Poi una notte si imbatte nel pompiere neodivorziato Rupert O’Neil. Rupert è confuso e solo, ma è il ragazzo più dolce che abbia mai conosciuto. Aggiungeteci l’elettricità inebriante tra loro, e Jodi non può fare a meno di innamorarsi perdutamente. Offre a Rupert un luogo in cui vivere tra le mura del suo accogliente appartamento a Tottenham – un rifugio dove costruire la loro famiglia ideale – e per quattro meravigliosi anni, la loro vita non può essere più felice.
Fino a quando un crudele scherzo del destino porta via tutto. Un momento di distrazione lascia Jodi a lottare per una vita che non riesce a ricordare e spezza il cuore di Rupert. Jodi non lo riconosce, o non vuole farlo. È rimasto poco dell’uomo che adora, e Rupert deve aggrapparsi a quel che resta della sua fede vacillante e pregare affinché Jodi impari ad amarlo di nuovo.
«Accompagni spesso a casa ragazzi gay ubriachi?»
Non starò qui a parlarvi della storia, non vi racconterò nulla degli eventi che si susseguono o dei personaggi. Vi parlerò di quello che è successo a me.
Chiuse gli occhi. Forse, se nessuno dei due avesse parlato, il mondo avrebbe smesso di girare e sarebbero potuti rimanere così per sempre.
Credo di essermi sbriciolata, splendidamente frantumata, fottutamente disintegrata e, allo stesso tempo, sorprendentemente ricomposta; ed è stato, ed è, meraviglioso. Meraviglioso.
Ho rivissuto paure che credevo di non aver “bisogno” di rivivere, ma evidentemente non era così. Su alcuni argomenti, e questa storia ne ha toccati parecchi, metto la testa sotto la sabbia, nascondendomi in me stessa e da me stessa; Garrett Leigh, invece, è riuscita a far uscire quella me che a volte ingabbio e, spesso, affrontare le proprie inquietudini, tramite eroi di carta, fa bene e più di quanto si possa pensare.
«Non c’è quasi più nulla che sembri normale, boyo. È così e basta.»
Una nube di tristezza schiacciante scese su Jodi, come l’oscurità improvvisa prima di un temporale.

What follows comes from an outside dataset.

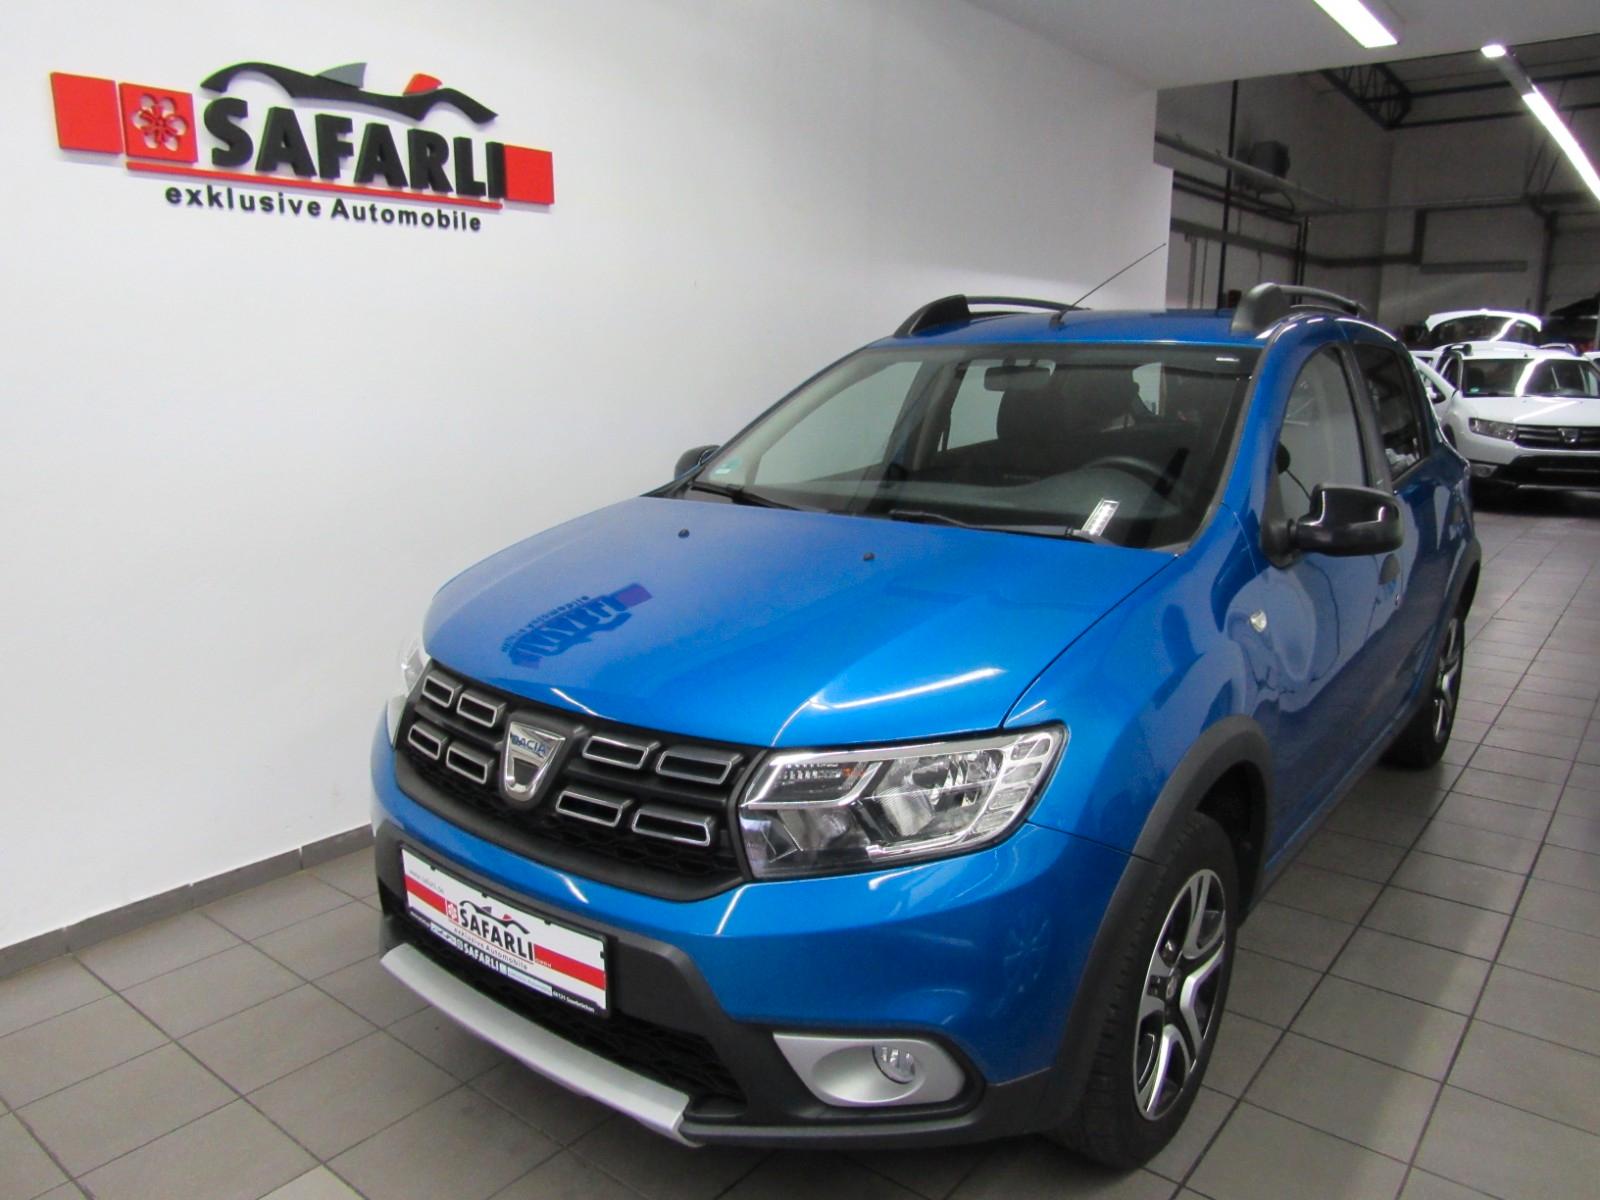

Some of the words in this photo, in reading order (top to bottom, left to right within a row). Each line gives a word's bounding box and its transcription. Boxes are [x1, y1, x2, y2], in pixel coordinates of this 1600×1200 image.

E con essa, arrivò la certezza che l’incidente non aveva rubato la vita solo a lui. Jodi non ricordava la vita che aveva perso, ma Rupert sì. Ricordava tutto, e la perdita nei suoi occhi tormentati feriva Jodi molto più di quanto avesse mai fatto qualsiasi dolore fisico.
«Dannazione, mi dispiace tanto.»
Rupert scosse la testa. «Non farti questo. Fidati, non serve. Non possiamo guardare indietro e aggiustare quello che non c’è più. […].»
Da un certo punto ho letto il romanzo con occhi perennemente lucidi.
In alcuni momenti erano accompagnati da sorrisi, in altri da una tensione così forte che mi sembrava impossibile respirare, e in altri ancora alcune lacrime mi sono scese: per il dolore, per la paura, per la rabbia e per l’incredulità di come un secondo – un cazzo di secondo! – può cambiare tutto, e alla fine, fortunatamente, le lacrime sono scese per la gioia. Quella di ritrovare se stessi, la vita e qualcosa in più, nonostante tutto, sempre.
«Jodi? Parlami. Stai bene?»
Per un lungo, ansioso momento, lui non rispose, poi scoppiò a ridere e lo strattonò per poterglisi sdraiare sopra. «Bene? Mi sento come se mi fossi appena lanciato da un aereo con un maledetto paracadute.»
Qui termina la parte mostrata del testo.